The pattern is simply that the leading sector (over the last 6 months), SMH, was today’s biggest loser on a percentage basis, while in contrast, the weakest sector, XLE, was today’s biggest winner. In an otherwise quiet, choppy day, this sector rotation bookended the mood of traders who were focused on bespoke stock stories like earnings that didn’t translate into a general market trend.
If you read yesterday’s edition of this article, “SMH Bulls Are Skating On Thin Ice,” weakness in this leading sector shouldn’t come as a surprise. If you’re also aware of our simple tactics for anticipating intraday market reversals and trend days, then the trend days in both SMH and XLE should not come as a surprise, even though they were bucking their longer-term trends.
The simple tactic I’m referring to that enables you to anticipate daily highs and lows and trend days is the proper use of the Opening Range indicator.

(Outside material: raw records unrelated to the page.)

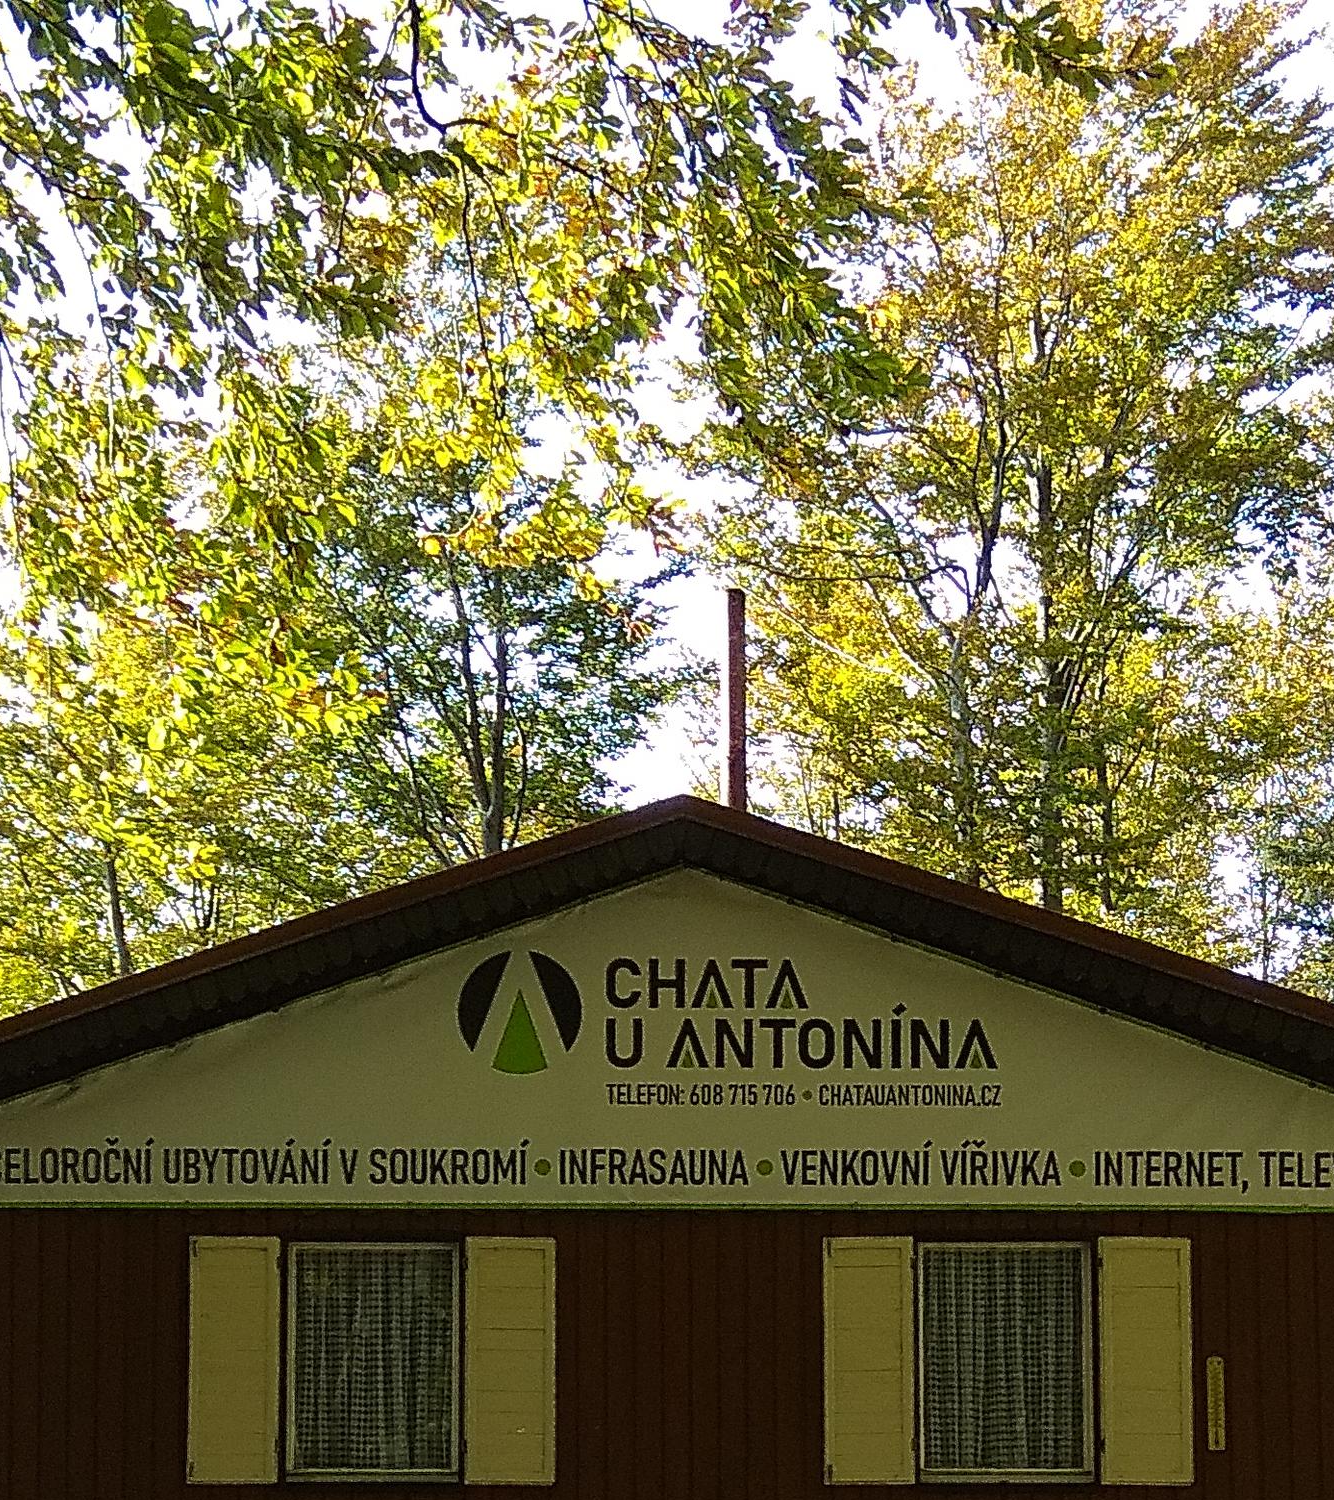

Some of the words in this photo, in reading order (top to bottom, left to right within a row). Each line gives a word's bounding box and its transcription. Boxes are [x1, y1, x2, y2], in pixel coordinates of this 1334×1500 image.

[604, 957, 809, 1010] CHATA
[604, 1017, 644, 1069] U
[665, 1002, 999, 1070] ANTONÍNA
[606, 1083, 685, 1106] TELEFON:
[689, 1083, 723, 1106] 608
[728, 1083, 758, 1106] 715
[763, 1083, 796, 1106] 706
[818, 1083, 1003, 1107] CHATAUANTONINA.CZ
[163, 1138, 333, 1185] UBYTOVÁNÍ
[339, 1148, 359, 1185] V
[368, 1138, 531, 1185] SOUKROMÍ
[558, 1147, 749, 1186] INFRASAUNA
[780, 1139, 934, 1187] VENKOVNÍ
[940, 1139, 1063, 1187] VÍŘIVKA
[1094, 1150, 1249, 1194] INTERNET,

The two-sentence tutorial for understanding the Opening Range is as follows…
The low and high of the first 30 minutes of the day will be significant support and resistance, and you should look for reversal patterns at these levels. If the market exhibits a confirmed breakout beyond the O.R. high or low, it is often a trend day.
With that in mind, look at the intra-day charts of SMH and XLE. Notice in the SMH chart that, when the price broke the OR low, it trended lower. In the XLE chart, when the price broke the OR high it rallied, retraced to the OR high area, then resumed its trend higher.
Now let’s look at the reversal at the high of the day in the SPY chart below.
Notice I’m showing you the QQQ chart too. The simple advanced Opening Range tactic for anticipating a market reversal is to look for divergences in the indexes at the Opening Range levels. The red circles show an example of the SPY attempting to break over the OR high, while the QQQ demonstrates a significant negative divergence. When you see a divergence like this, expect the SPY to reverse.
If you consider the two sets of charts together, you can see how the SHM started the day on a positive note, but never made an attempt to move over its OR high like the SPY, indicating that the market’s leader was not bullish today. This contributed to the weakness in the QQQ.
Intraday trading patterns aren’t just for day traders. Today’s SMH chart is a good example of using the Opening Range to avoid buying into a weak day in the leading sector, but…
Of course, if you’re reading this article daily, you know it’s not a good time to be buying SMH for other reasons.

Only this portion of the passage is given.